**EXERCISE AIM:**
Copy every entry verbatim and skip the pictures.

++++ EXERCISE DATA

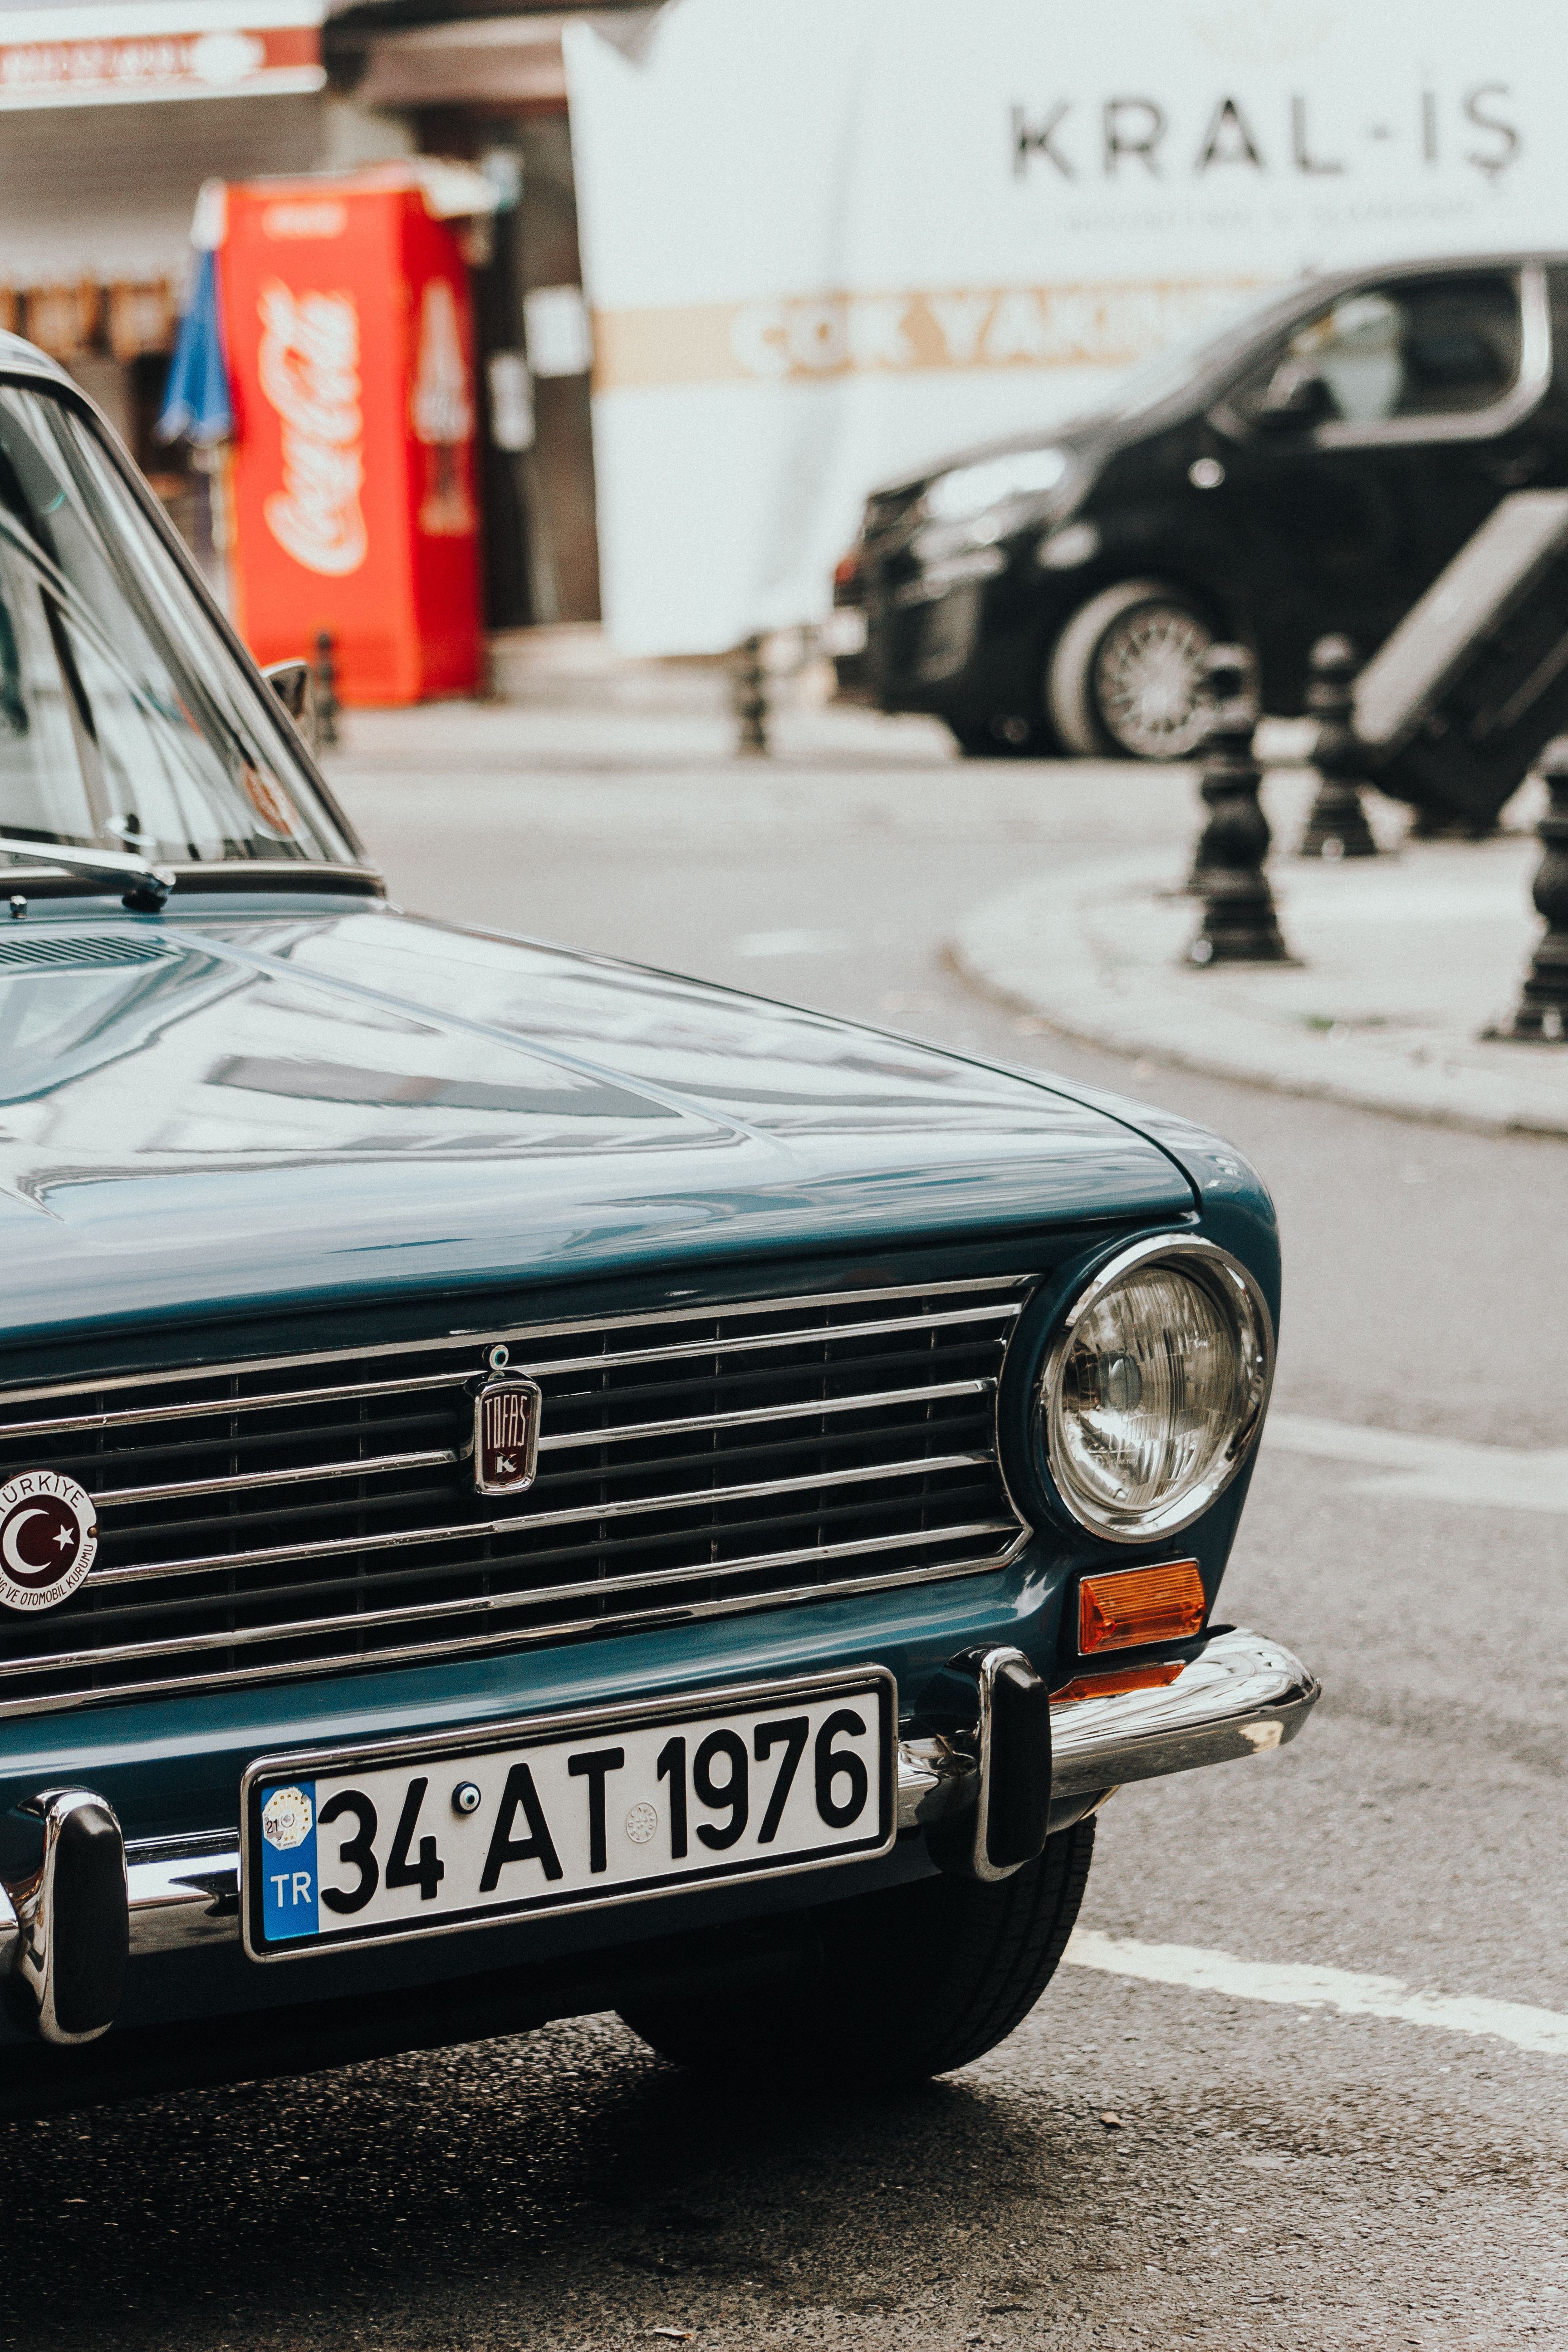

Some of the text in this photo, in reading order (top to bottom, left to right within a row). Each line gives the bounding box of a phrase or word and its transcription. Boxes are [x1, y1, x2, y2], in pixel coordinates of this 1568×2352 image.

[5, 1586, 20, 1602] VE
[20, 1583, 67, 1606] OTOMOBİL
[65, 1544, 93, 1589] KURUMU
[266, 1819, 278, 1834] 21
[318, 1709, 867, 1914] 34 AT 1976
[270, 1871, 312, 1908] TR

++++++++

**ANSWER BOX:**
Some of the text in this photo, in reading order (top to bottom, left to right within a row). Each line gives the bounding box of a phrase or word and its transcription. Boxes are [x1, y1, x2, y2], in pixel coordinates of this 1568×2352 image.

[5, 1586, 20, 1602] VE
[20, 1583, 67, 1606] OTOMOBİL
[65, 1544, 93, 1589] KURUMU
[266, 1819, 278, 1834] 21
[318, 1709, 867, 1914] 34 AT 1976
[270, 1871, 312, 1908] TR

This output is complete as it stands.